Task requirements
An exact copy of every entry is required, minus the pictures.

Records supplied
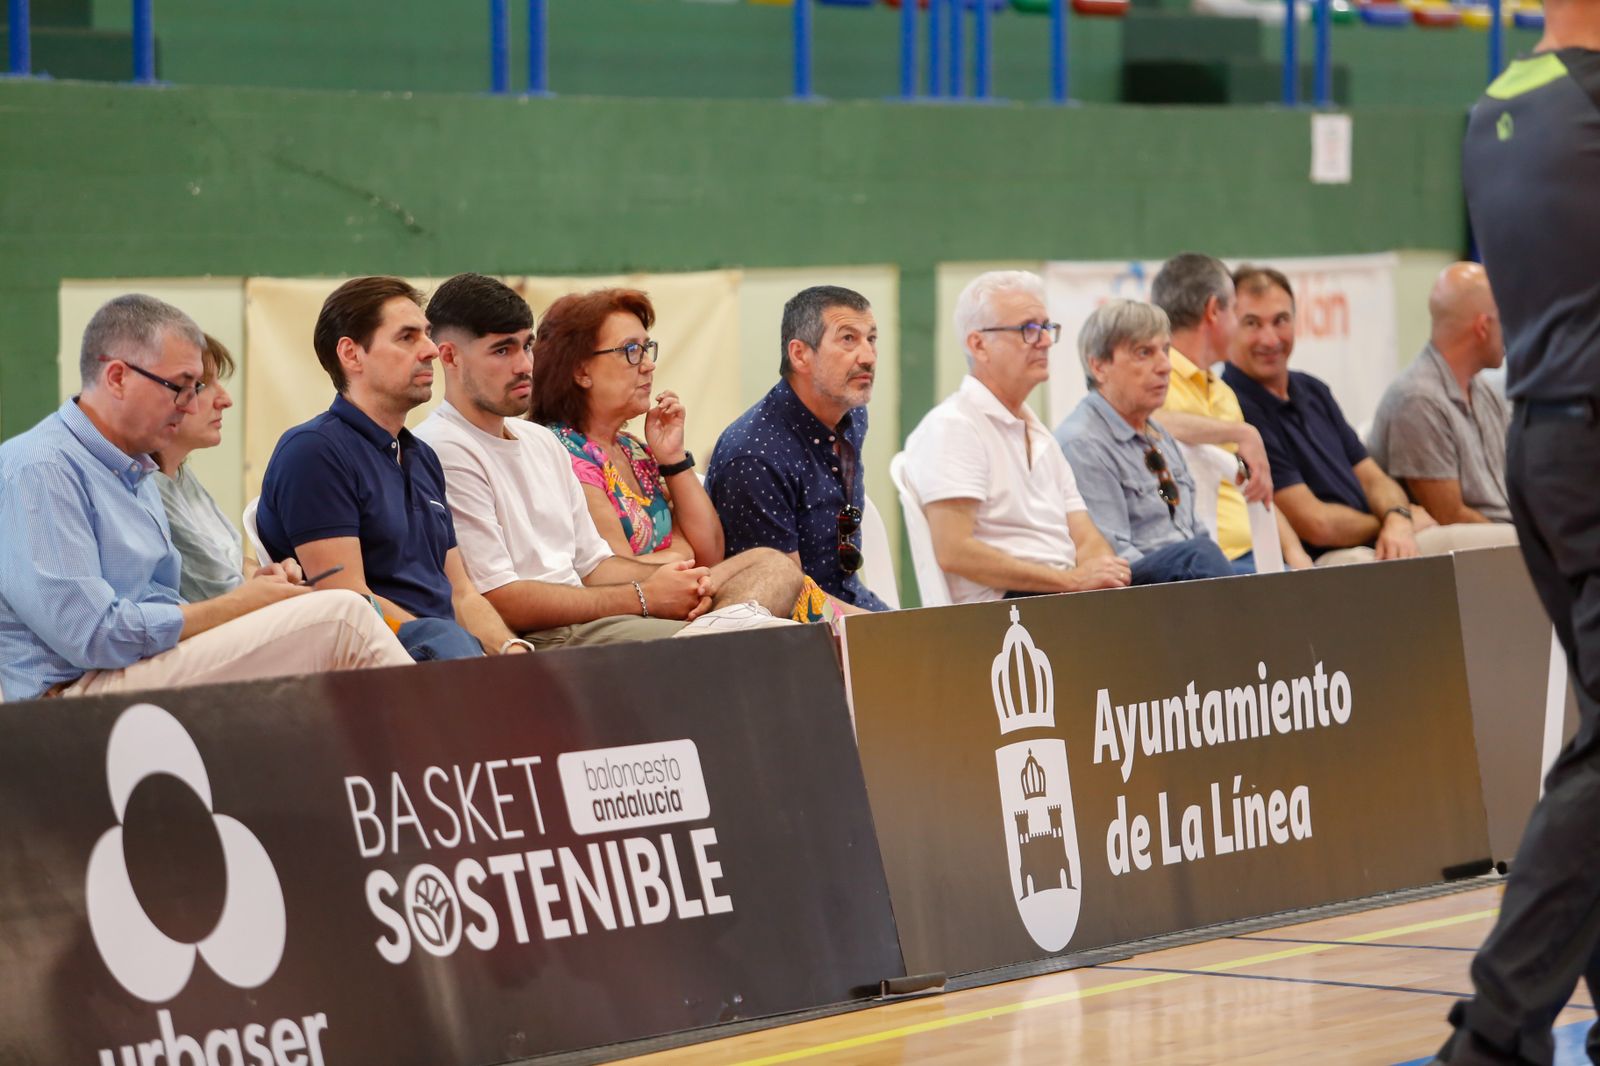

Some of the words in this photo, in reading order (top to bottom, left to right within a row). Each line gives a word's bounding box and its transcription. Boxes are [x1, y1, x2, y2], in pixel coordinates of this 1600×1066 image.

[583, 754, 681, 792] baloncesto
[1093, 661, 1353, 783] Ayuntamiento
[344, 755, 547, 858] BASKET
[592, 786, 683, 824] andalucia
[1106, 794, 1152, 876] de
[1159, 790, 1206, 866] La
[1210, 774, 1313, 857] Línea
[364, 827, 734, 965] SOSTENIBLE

Result for this task
Some of the words in this photo, in reading order (top to bottom, left to right within a row). Each line gives a word's bounding box and its transcription. Boxes are [x1, y1, x2, y2], in pixel coordinates of this 1600×1066 image.

[583, 754, 681, 792] baloncesto
[1093, 661, 1353, 783] Ayuntamiento
[344, 755, 547, 858] BASKET
[592, 786, 683, 824] andalucia
[1106, 794, 1152, 876] de
[1159, 790, 1206, 866] La
[1210, 774, 1313, 857] Línea
[364, 827, 734, 965] SOSTENIBLE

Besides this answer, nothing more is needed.